I have the following function using Intel intrinsics:
int c_lattice_worker( int lm, double* inArr, double* outArr, int arrLen,
double sin_, double cos_ ) {
int xi, yi;
double x, y;
__m128d _msin, _mcos;
__m128d _m0, _m1;
_msin = _mm_loaddup_pd( &sin_ );
_mcos = _mm_loaddup_pd( &cos_ );
for ( int xnc = lm; xnc < (arrLen - (lm << 1)); xnc += 2 ) {
_m0 = _mm_load_pd( &inArr[ xnc ] );
_m1 = _mm_shuffle_pd( _m0, _m0, 0x1 );
_m0 = _mm_mul_pd( _msin, _m0 );
_m1 = _mm_mul_pd( _mcos, _m1 );
_m0 = _mm_addsub_pd( _m0, _m1 );
_mm_store_sd( &outArr[ xnc + 1 ], _m0 ); // segfault here if lm == 1
_m1 = _mm_shuffle_pd( _m0, _m0, 0x1 );
_mm_store_sd( &outArr[ xnc ], _m1 ); // segfault here if lm == 1
}
}
// fliping the lm modifier
return 1 - lm;
}
Arrays inArr
and outArr
have even length, lm
is either 0 or 1. If it is 0 then everything works correctly, but if lm
is 1 then _mm_store_sd
cause the program to segfault (or, to put it differently, commenting out both of these lines makes the segfault go away).

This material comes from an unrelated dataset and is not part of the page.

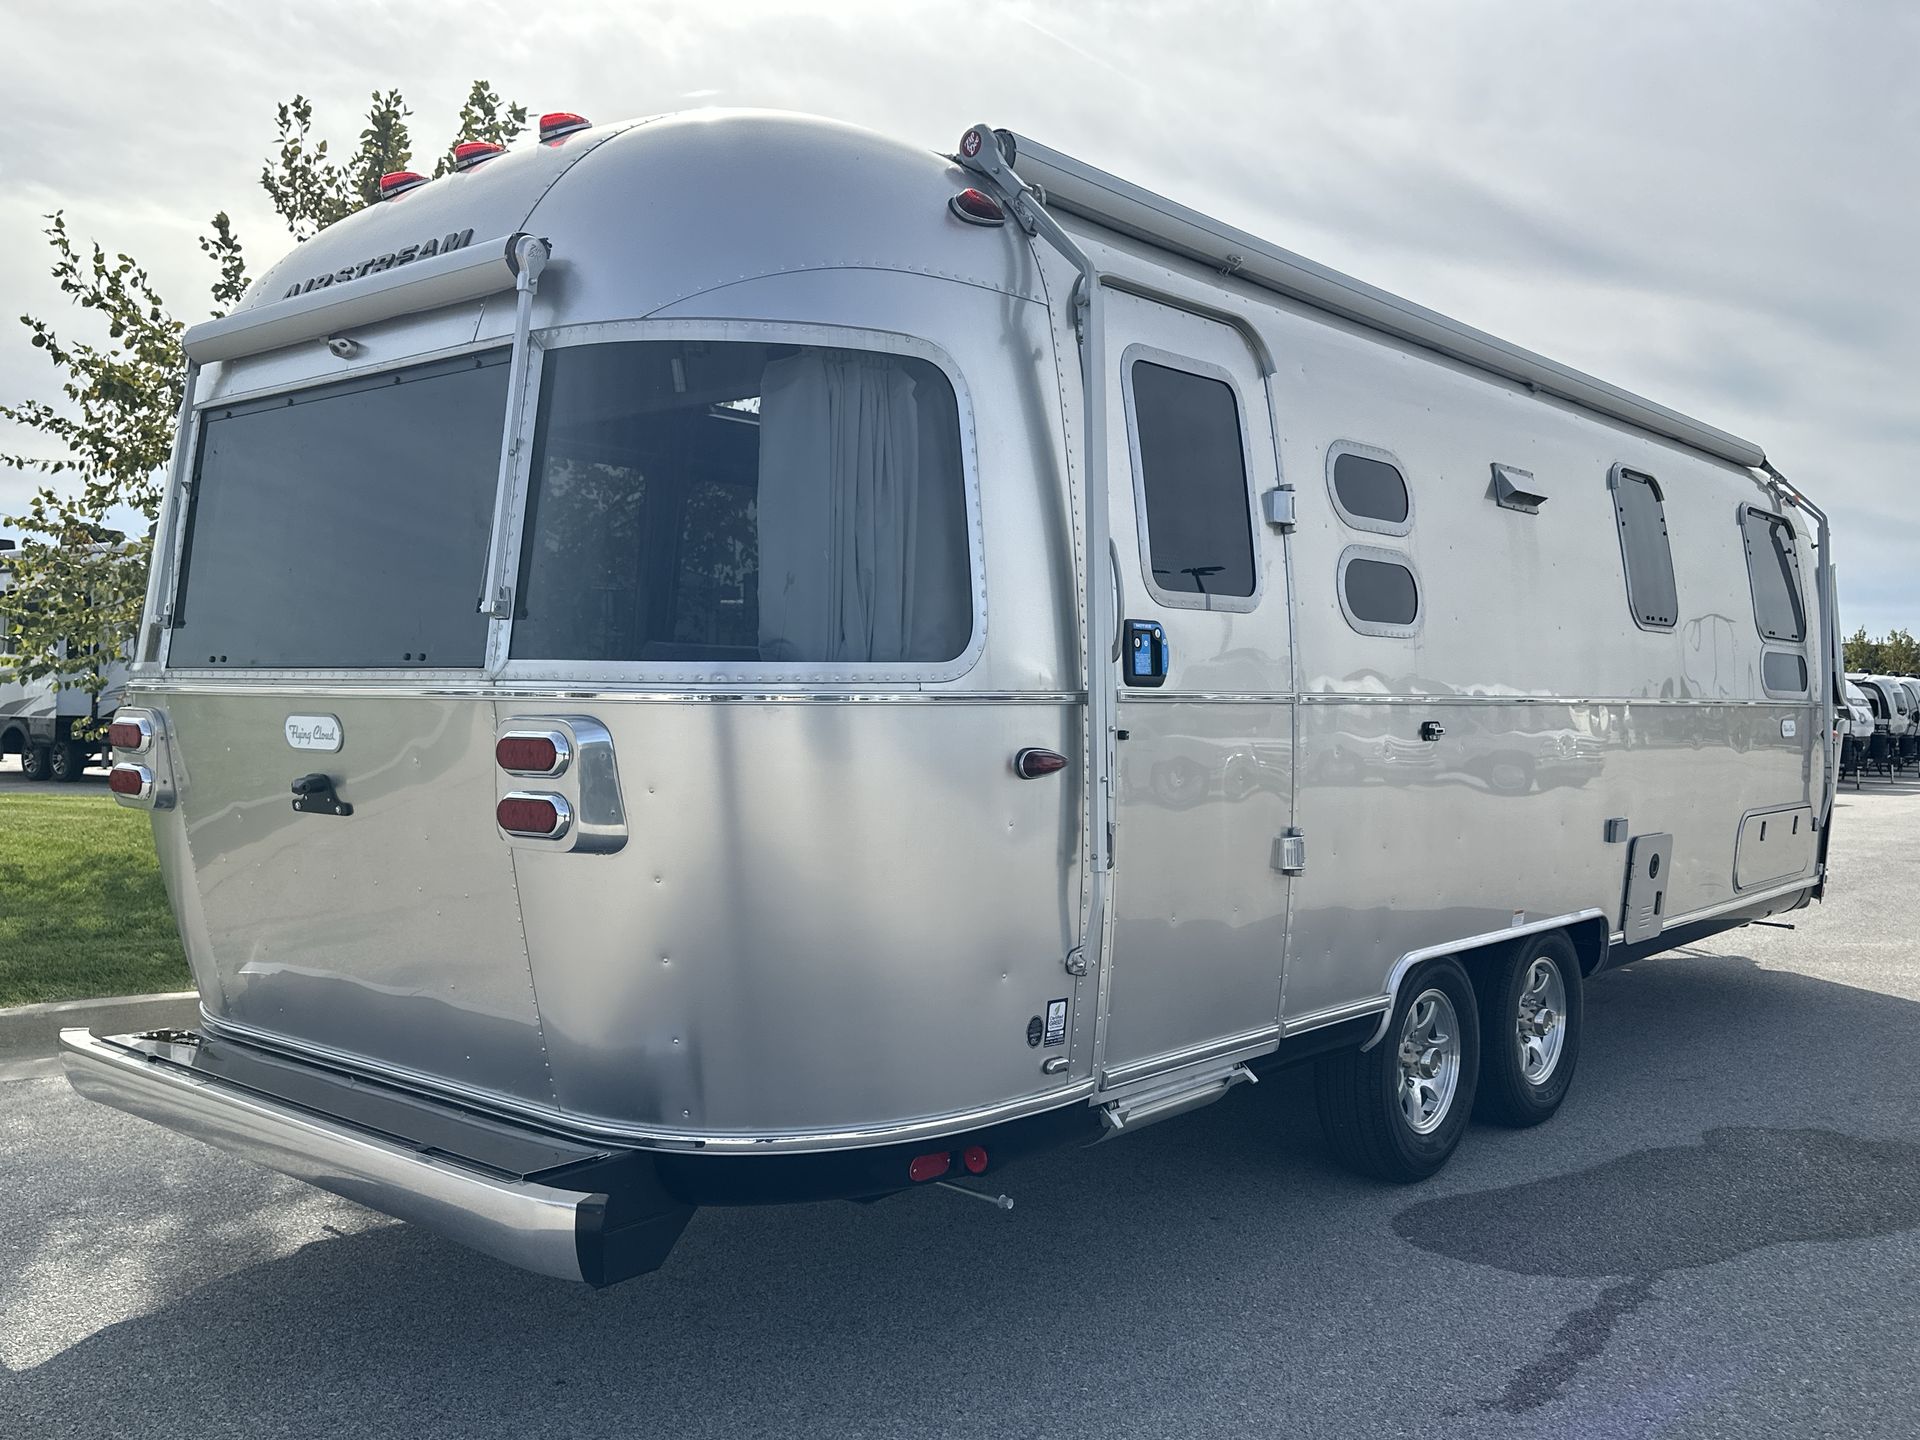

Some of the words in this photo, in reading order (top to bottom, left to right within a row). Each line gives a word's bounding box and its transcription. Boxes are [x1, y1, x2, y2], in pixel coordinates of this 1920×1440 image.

[282, 228, 474, 300] AIRSTREAM
[289, 724, 312, 745] Flying
[313, 724, 336, 741] Cloud
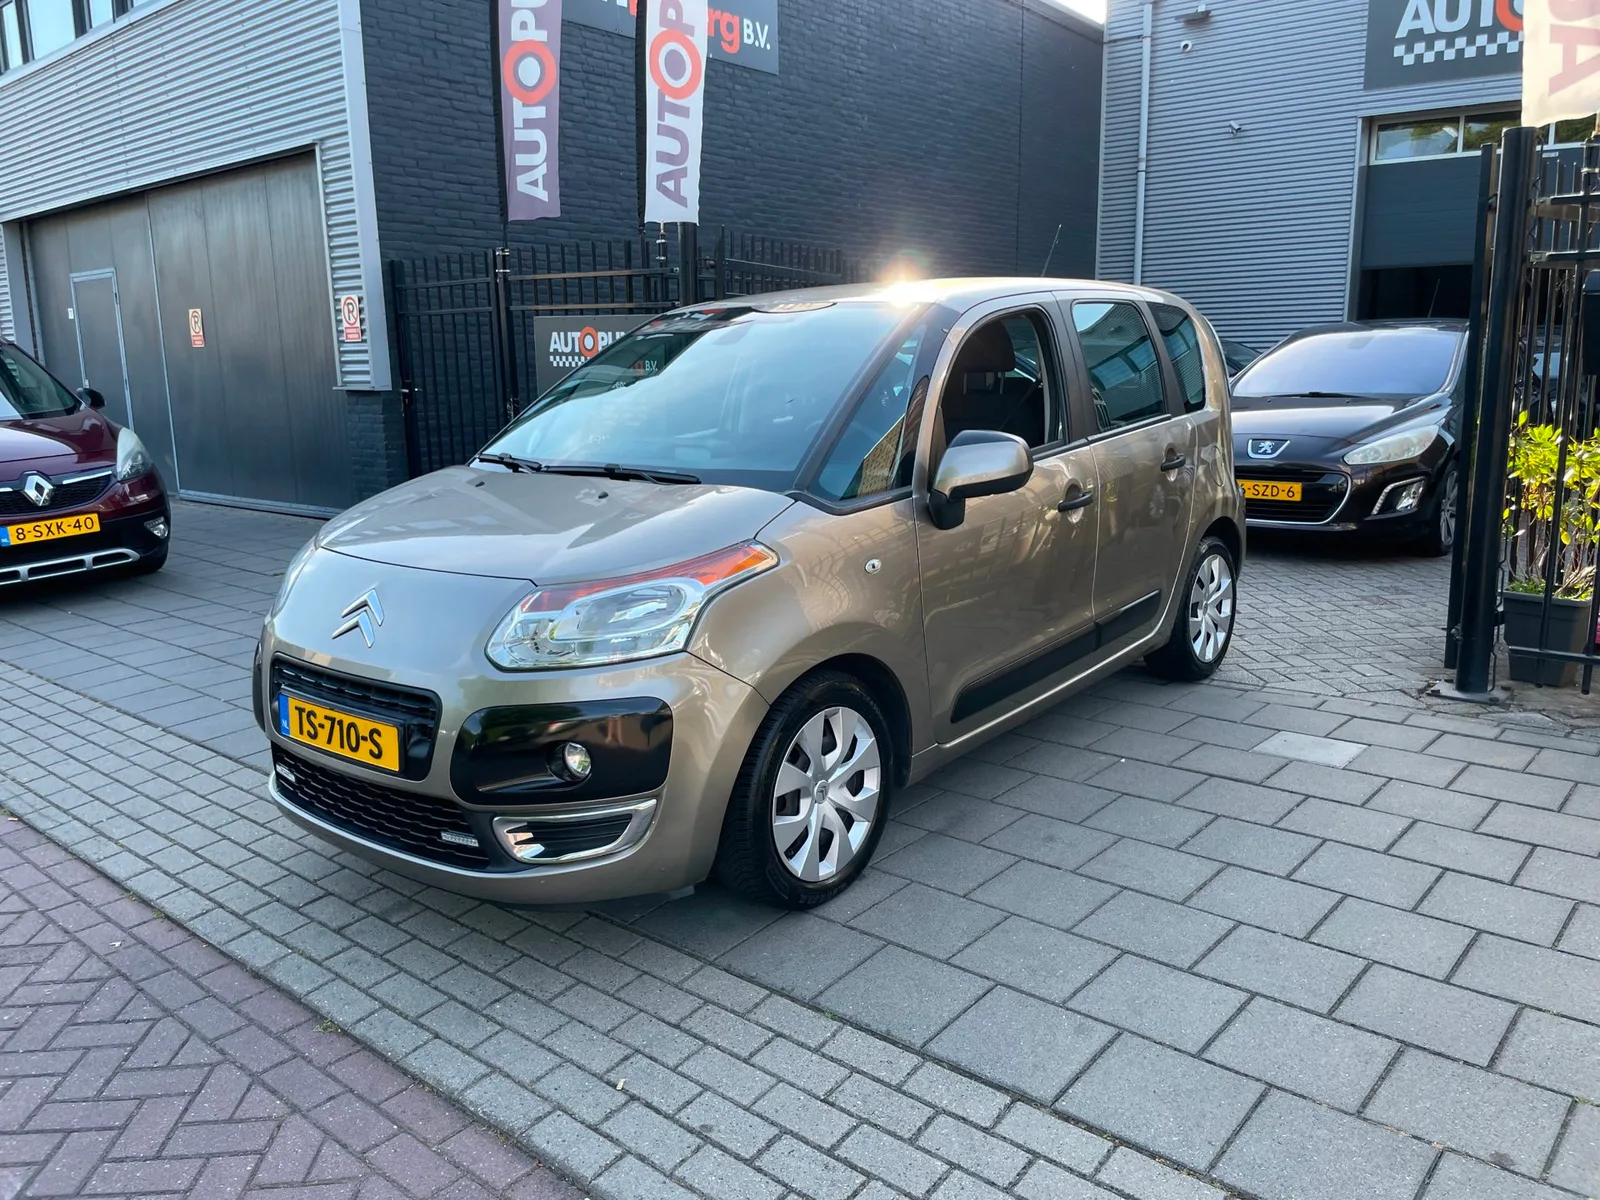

For lm == 1
the xnc
index is not aligned to 16 bytes, but according to Intel's documentation 16-byte alignment is not required for _mm_store_sd
, only for _mm_store_pd
. I am clueless. Any suggestions?
It turns out that:
I can use _mm_storeu_pd
to store two packed 64-bit floats into unaligned memory address.
But when I do this I must also use _mm_loadu_pd
to load from unaligned memory address.
So in fact _mm_load_pd
was causing the segfault but when I commented out the store operations it got optimized away because it was dead code.